04.3301 · Motion · 2004-06-14
Département de l'économie, de la formation et de la recherche
Liquidé
Wortlaut
Depuis l'entrée en vigueur de l'article 182 de la loi sur l'agriculture (LAgr) et à ce jour, je constate que le Conseil fédéral n'a pas mis en oeuvre cet article par voie d'ordonnance. Je requiers, par conséquent, que le Conseil fédéral édicte et mette en vigueur dans les meilleurs délais une ordonnance relative au service central chargé de détecter les fraudes, conformément à la modification du 20 juin 2003 de l'art. 182, al. 2, LAgr, entrée en vigueur au 1er janvier 2004.
Begründung
La nouvelle LAgr édicte des dispositions sur la désignation des produits alimentaires, notamment en ce qui concerne les déclarations d'origine, de modes de production interdits dans notre pays, ainsi que les appellations d'origine et indications géographiques (art. 14-16 LAgr). Ces dispositions, dans un contexte de concurrence accrue et de meilleur positionnement de nos produits sur le marché, revêtent une importance toujours plus prépondérante. Elles peuvent toutefois déployer pleinement leurs effets uniquement si leur application et contrôle sont garantis. Suite au retrait de l'État en matière de garantie de prix et d'écoulement des produits, aux attentes des consommateurs envers des produits de proximité, de qualité, respectueux de l'environnement et de la protection des animaux, ces dispositions législatives sont tout à fait salutaires et ne doivent par conséquent pas être reléguées au second plan mais être pleinement mises en oeuvre.
L'article 182 LAgr, entré en vigueur au 1er janvier de cette année, fait mention à l'alinéa 2 que :
"Le Conseil fédéral institue un service central chargé de détecter les fraudes dans les domaines suivants :
a. la désignation protégée de produits agricoles ;
b. l'importation, le transit et l'exportation de produits agricoles ;
c. la déclaration de la provenance et du mode de production."
La pratique actuelle montre que l'exécution et le contrôle des dispositions mentionnées ne fonctionnent pas à satisfaction.
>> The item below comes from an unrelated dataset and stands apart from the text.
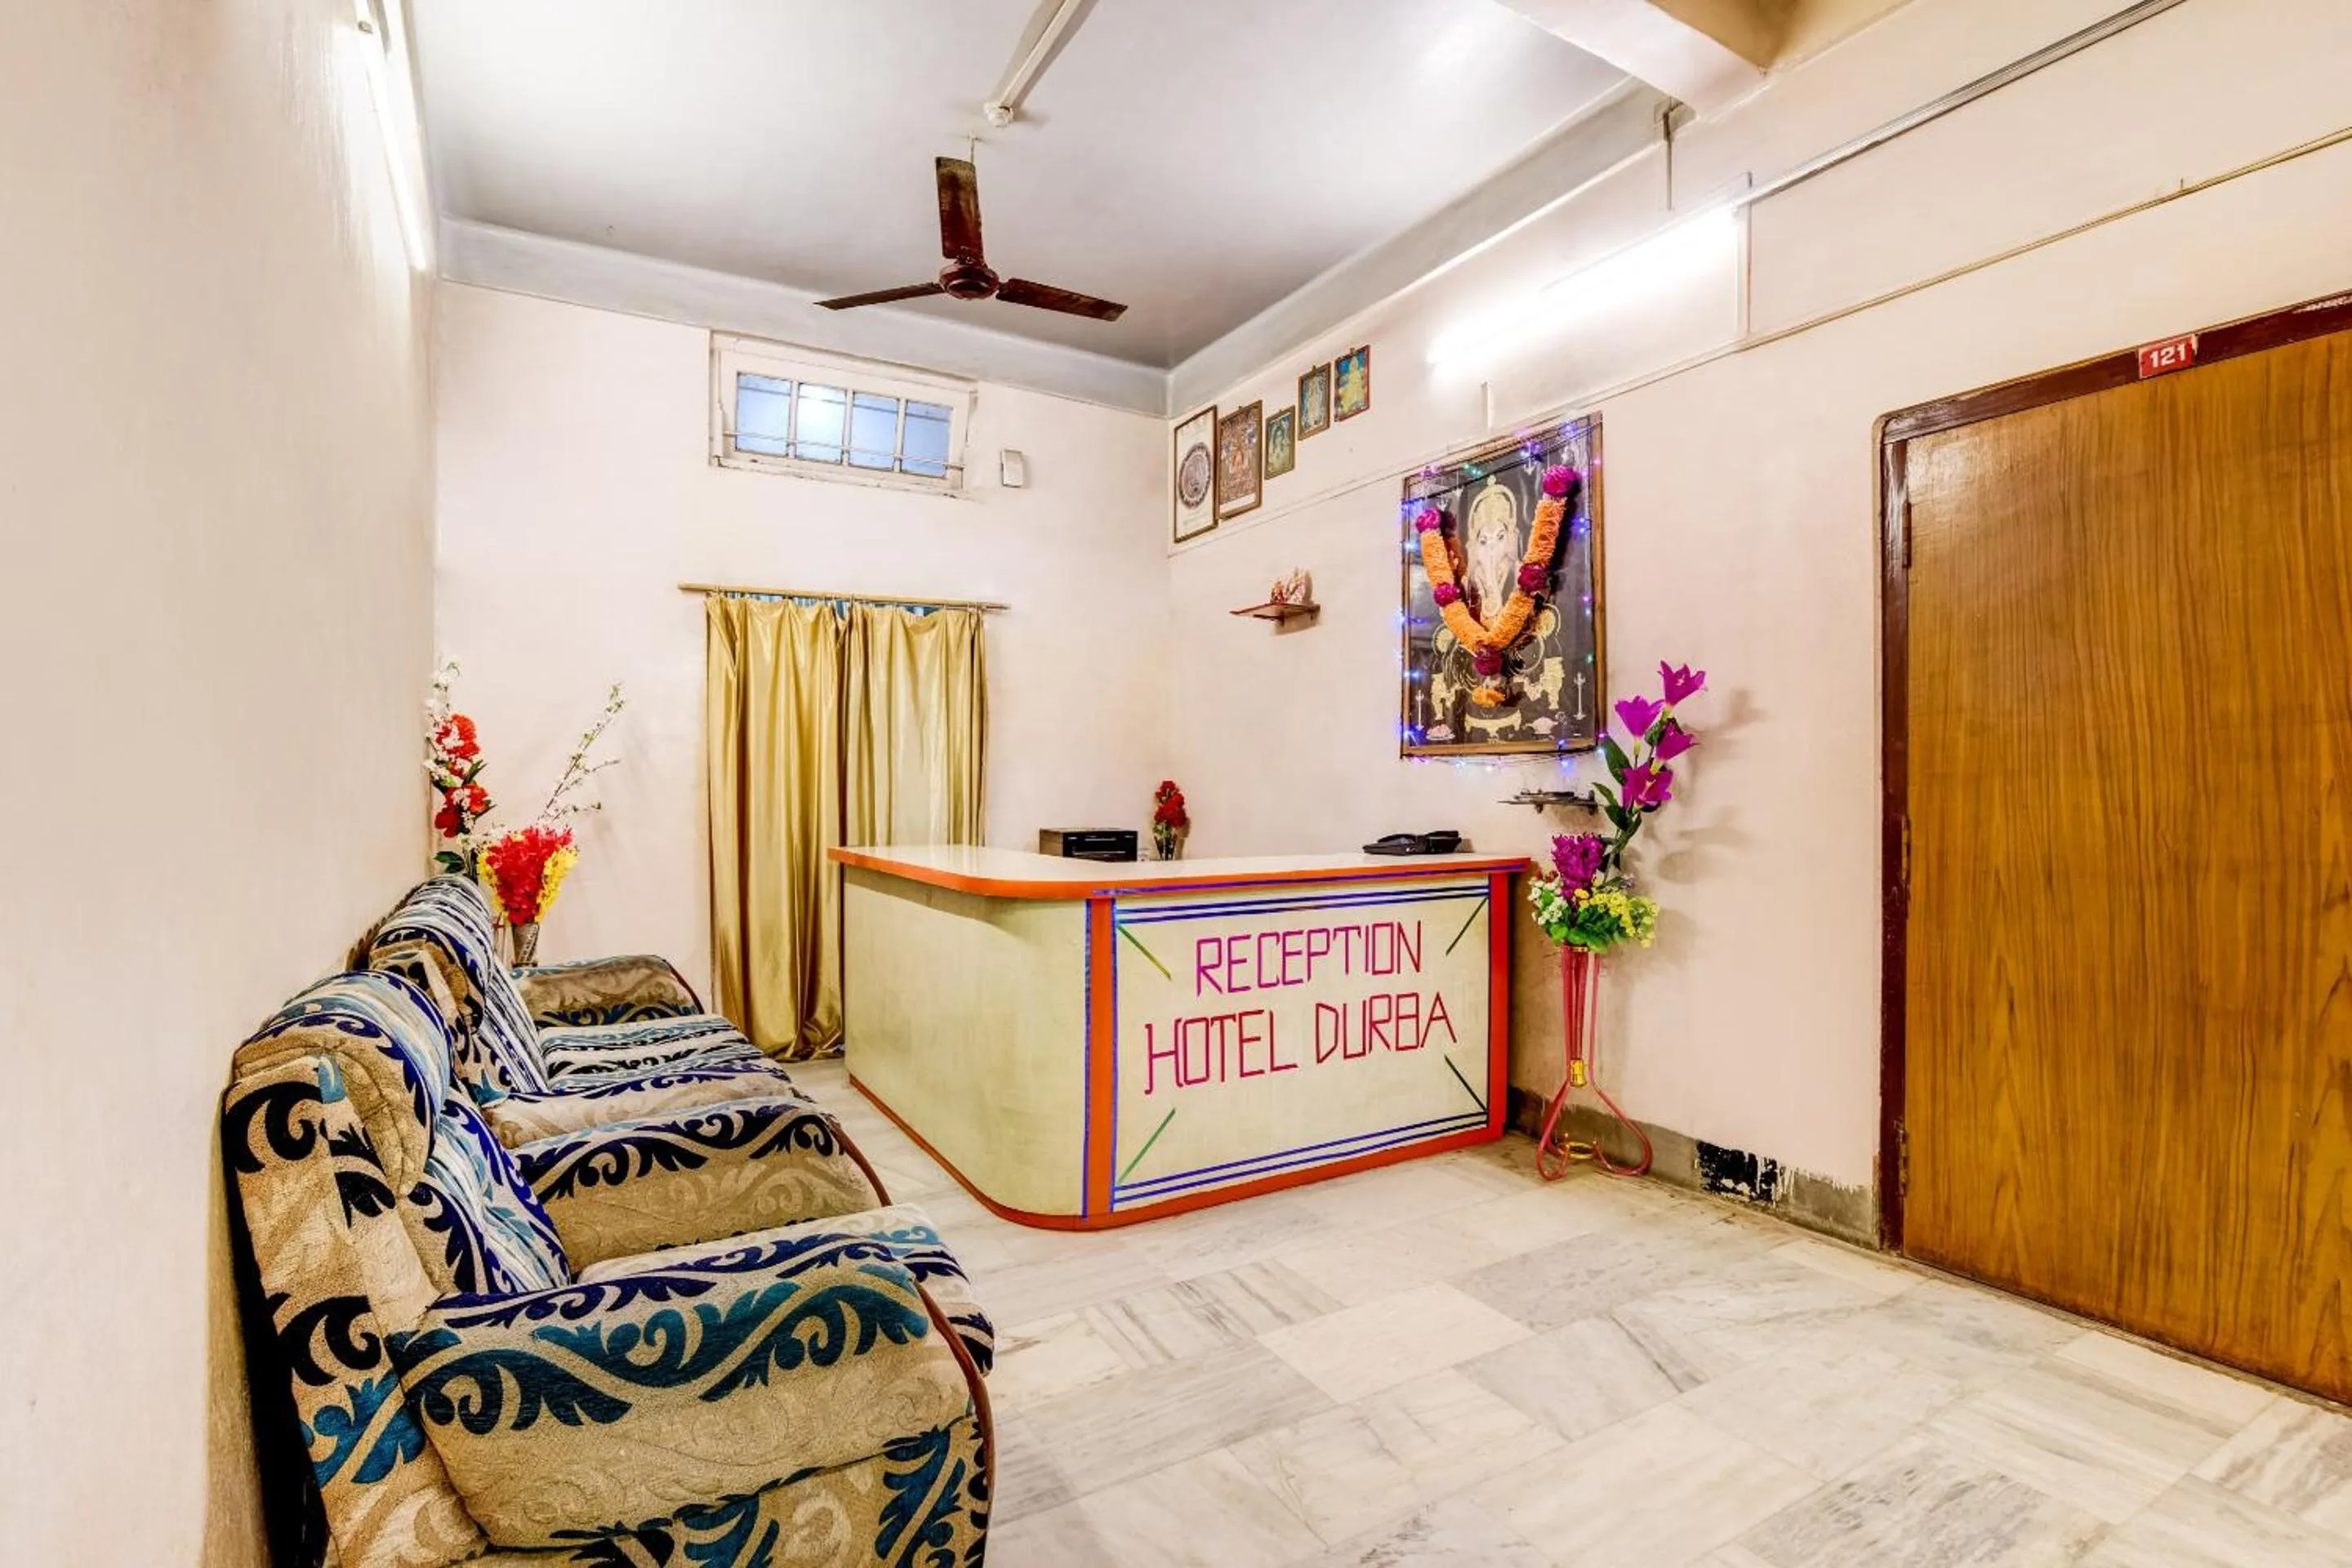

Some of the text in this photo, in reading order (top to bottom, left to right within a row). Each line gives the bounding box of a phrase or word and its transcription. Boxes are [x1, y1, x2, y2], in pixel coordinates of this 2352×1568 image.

[2149, 342, 2186, 368] 121
[1195, 920, 1422, 997] RECEPTION
[1144, 991, 1457, 1095] HOTEL DURBA
Malgré la coordination faite avec les chimistes cantonaux au sujet de la définition des produits avec appellation, les problèmes subsistent. Ainsi les producteurs qui étiquettent leurs produits ne sont pas récompensés par leurs efforts. Il y a de plus en plus de cas dans lesquels ces efforts sont faussés par des désignations incorrectes ou des usurpations induisant en erreur.
En outre, les consommateurs n'ont pas accès à la transparence souhaitée, ils sont trompés sur la qualité réelle des produits et sur leur origine. Dans sa recommandation du 27 septembre 2001, la Commission fédérale de la consommation demandait déjà la création d'un Bureau de prévention des tromperies du consommateur (Bureau des fraudes). L'usurpation de noms au niveau des appellations, aussi bien à l'intérieur du pays qu'à l'étranger, remet par ailleurs en cause la crédibilité, le bien-fondé de nos appellations, avec pour corollaire des conséquences économiques importantes.
Antrag des Bundesrates
Le Conseil fédéral propose d'accepter la motion.
Stellungnahme des Bundesrates
Tout comme l'auteur de la motion, le Conseil fédéral est préoccupé par l'ampleur des infractions aux dispositions sur la déclaration des denrées alimentaires. Il a toutefois pu constater avec satisfaction que les autorités chargées de l'exécution et du contrôle ont entrepris des démarches pour remédier à cette situation. Une campagne a montré qu'il existait des problèmes et a confirmé que les efforts doivent encore être renforcés dans ce domaine. Cette situation soulève non seulement la question d'une meilleure coordination, mais aussi celle des structures institutionnelles. Les travaux de mise en oeuvre de l'article 182 de la loi sur l'agriculture (LAgr) sont avancés. La procédure d'adoption d'une ordonnance a toutefois été suspendue en attente des résultats de l'analyse des structures d'organisation ordonnée par le Conseil fédéral en vue d'une meilleure coordination et utilisation des ressources dans le domaine de la sécurité alimentaire. Il est en effet prématuré d'édicter une ordonnance dans laquelle seraient réglées entre autres les procédures et les compétences du service central à mettre en place, tant que le concept global de sécurité alimentaire réclamé dans la lettre de la Commission de gestion du Conseil national du 17 octobre 2003 n'a pas été réalisé. Ce concept fera état des mesures nécessaires en matière de législation, d'organisation et d'utilisation des ressources et englobera la mise en oeuvre de l'article 182 LAgr. Vu les ressources limitées il y aura lieu d'éviter des doublons, notamment en ce qui concerne le contrôle et la coordination.
Le Conseil fédéral propose d'accepter la motion.